By September 26, 2017December 16th, 2022Safety

One of the most complex issues for employers is the definition of reasonable accommodation. Per the U.S. Office of Personnel Management, reasonable accommodation is “any change to a job, the work environment, or the way things are usually done that allows an individual with a disability to apply for a job, perform job functions, or enjoy equal access to benefits available to other individuals in the workplace.”

Evaluating disabled job candidates equitably is difficult enough, but the process can be especially hazardous when a previously healthy worker is injured and, upon return to work, can no longer perform all their prior job functions.

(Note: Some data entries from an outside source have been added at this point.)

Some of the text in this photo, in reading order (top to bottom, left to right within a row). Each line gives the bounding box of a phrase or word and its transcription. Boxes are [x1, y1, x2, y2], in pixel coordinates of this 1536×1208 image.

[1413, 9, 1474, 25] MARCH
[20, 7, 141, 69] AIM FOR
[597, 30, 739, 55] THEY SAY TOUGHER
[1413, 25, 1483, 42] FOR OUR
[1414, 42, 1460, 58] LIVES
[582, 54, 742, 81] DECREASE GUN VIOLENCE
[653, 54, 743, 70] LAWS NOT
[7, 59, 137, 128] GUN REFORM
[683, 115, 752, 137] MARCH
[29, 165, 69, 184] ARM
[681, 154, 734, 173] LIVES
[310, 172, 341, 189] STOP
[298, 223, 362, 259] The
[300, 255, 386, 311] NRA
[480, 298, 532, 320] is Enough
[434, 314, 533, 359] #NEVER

Per federal law, company leaders must make a reasonable effort to accommodate those limitations, and the process must be both thorough and well documented. Only after they have determined that there is no job modification that the worker can perform with his or her limitations can they terminate the worker’s employment. To avoid a negative decision that is potentially actionable, decision makers must follow specific guidelines, and consider input from a variety of sources, before making that determination.

Medical Evaluation Is Mandatory

When an employee is injured, on or off the job, the employer must require the individual to be examined by a physician to determine “fitness for duty” before allowing them to resume work. (Not doing this can cause additional problems. We’ll discuss this issue in a later article.) In some cases, the physician may determine that the worker can only resume work with limitations, such as avoiding certain activities.

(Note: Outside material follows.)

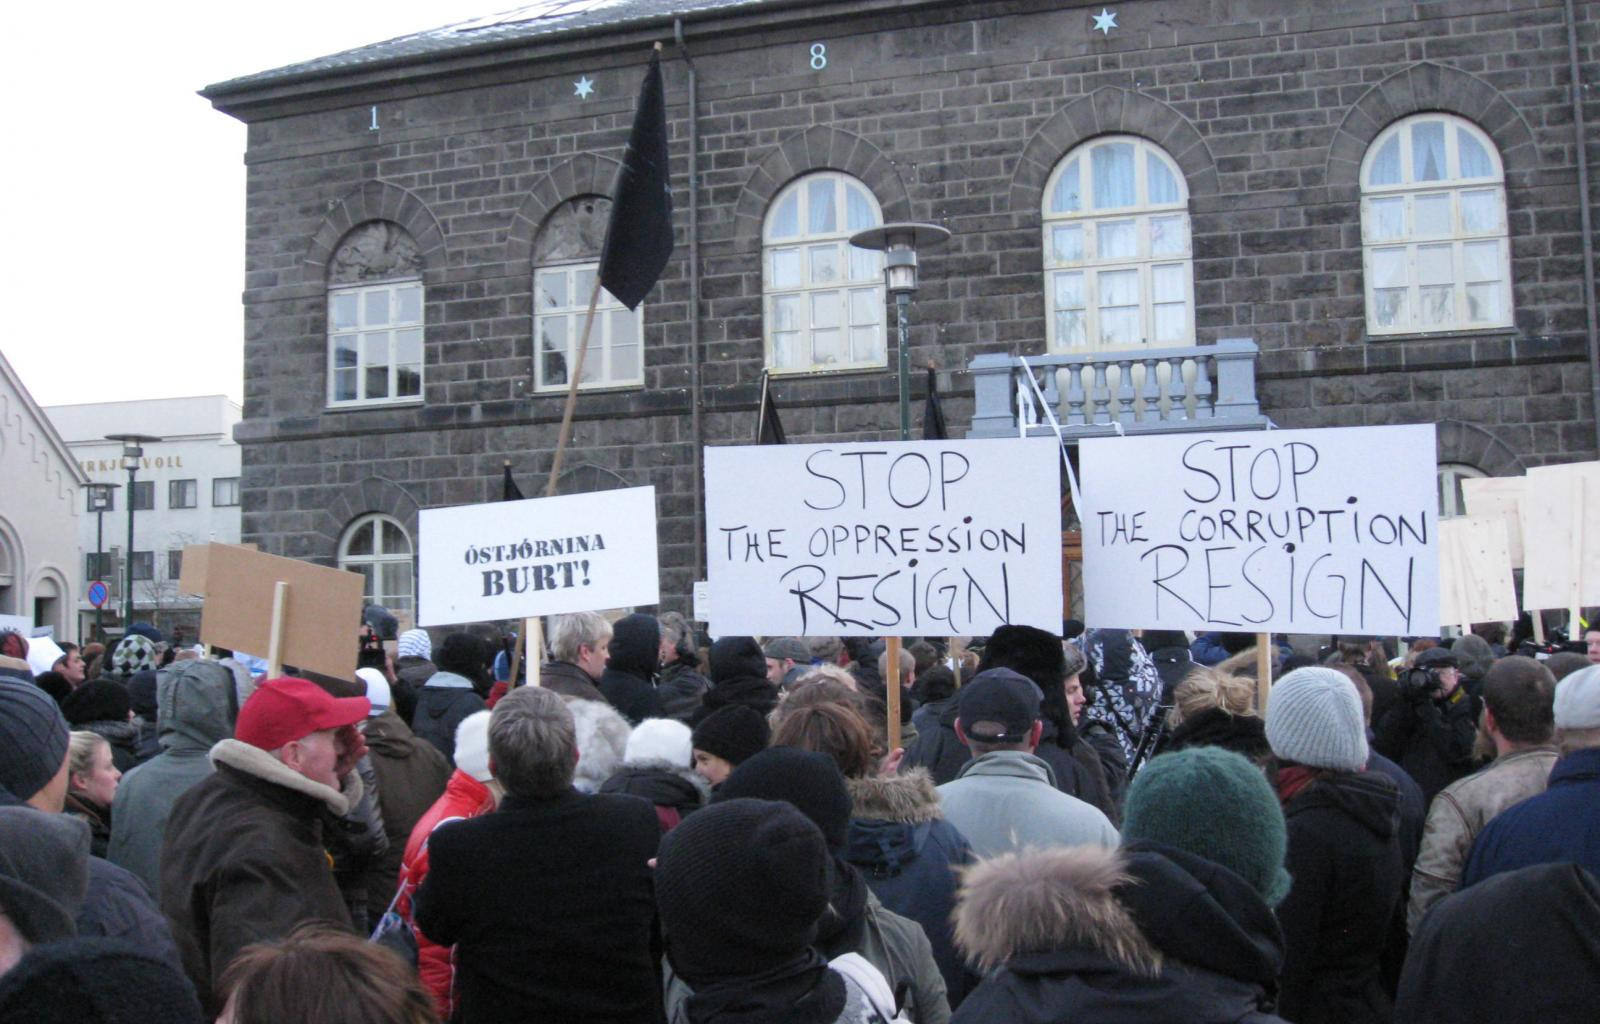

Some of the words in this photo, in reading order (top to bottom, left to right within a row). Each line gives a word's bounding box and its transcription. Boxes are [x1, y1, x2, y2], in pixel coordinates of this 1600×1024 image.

A Documentation-Based Evaluation

One of the primary reference sources for reasonable accommodation should be the job description. All companies should include “essential functions” in their job descriptions—activities that workers must be able to perform in order to do their jobs. Without a list of essential functions, it can be nearly impossible for an employer to prove that inability for a worker to perform a certain activity makes them unfit for duty.

An Interactive Process

Additionally, organizations must interactively include the worker in the process of identifying a possible accommodation. As a recent court case proves, failure to do so can be very expensive. In Vetter v. Iowa, Iowa Ct. App., No. 16-0208, an Iowa appeals court awarded more than $900,000 to John Vetter, an employee with the Department of Natural Resources (DNR), after the DNR determined it could not accommodate Vetter’s medical limitations without  “undue hardship.” The primary rationale for the decision was that the DNR failed to give Vetter the chance to have input in the process.

The key takeaway for employers is that requirements such as medical examinations, lists of essential functions and interactive discussions with injured workers about their post-injury outcomes may seem burdensome, but the alternative is for employers to assume considerable, unnecessary risk.